Transmettre son savoir et ses compétences est un sujet qui m’interroge régulièrement. Donner une formation n’est pas chose facile. Faut-il montrer ou expliquer ? comment réagir quand manifestement l’autre ne comprend pas nos explications ? Pourquoi est-ce plus facile d’expliquer et de former certaines personnes que d’autres alors que leurs compétences et capacités d’apprendre sont largement identiques ?

Les besoins, les envies des formés sont en général hétérogènes pour ne pas dire divergents, c’est une évidence. Certains formés viennent dans un état d’esprit pas très positif, c’est un doux euphémisme (ils ont un métier eux…)
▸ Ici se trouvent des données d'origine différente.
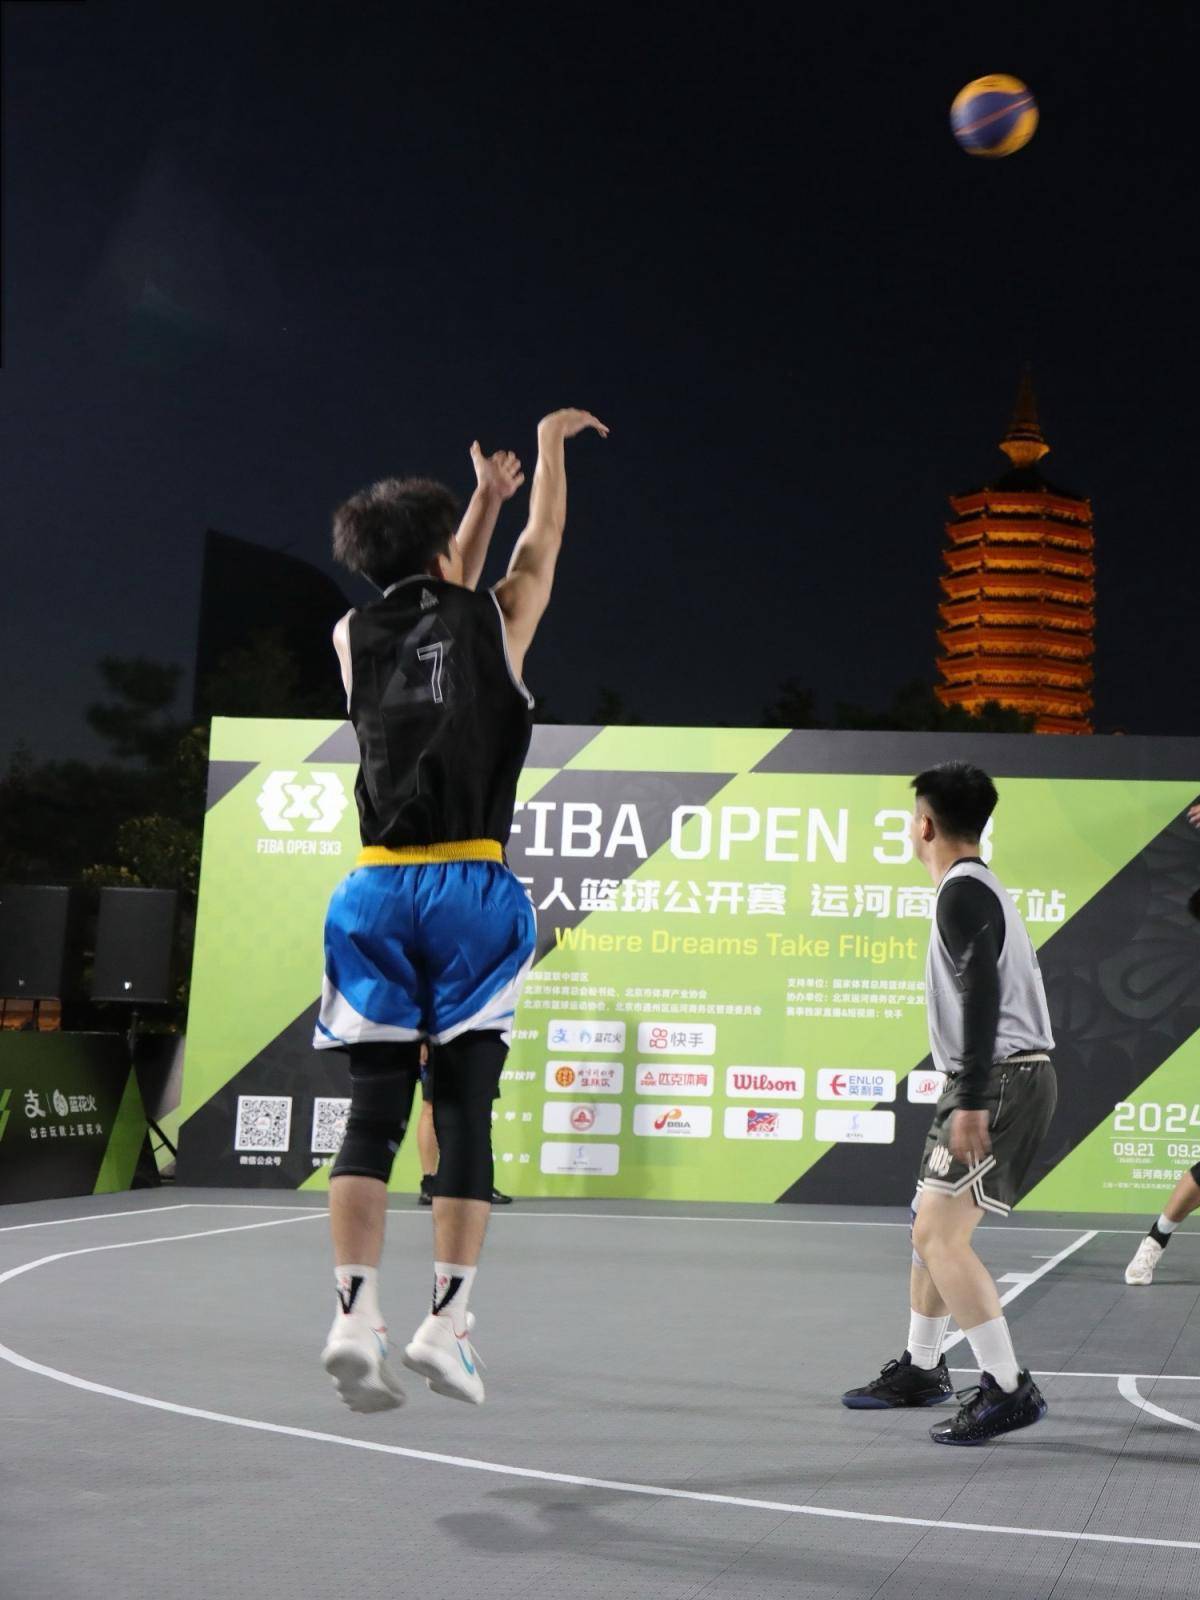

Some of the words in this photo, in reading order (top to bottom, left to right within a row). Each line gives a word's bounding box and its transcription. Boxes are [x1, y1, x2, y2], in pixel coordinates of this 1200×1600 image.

Est-il possible de parler à tout le monde ? Peut-on intéresser tout le monde ? Comment gérer le formé avec lequel la connexion est immédiate (la manière dont vous présentez les choses lui convient parfaitement et tout lui parait très clair) et cet autre auprès duquel rien ne passe, cet autre qui s’agace de vos explications ou qui décroche au bout de quelques minutes ?

C’est le sociologue et historien américain, Richard Sennett qui m’a le plus aidé à mieux appréhender mes formations. Je vous livre ici une synthèse issue d’un de ses ouvrages.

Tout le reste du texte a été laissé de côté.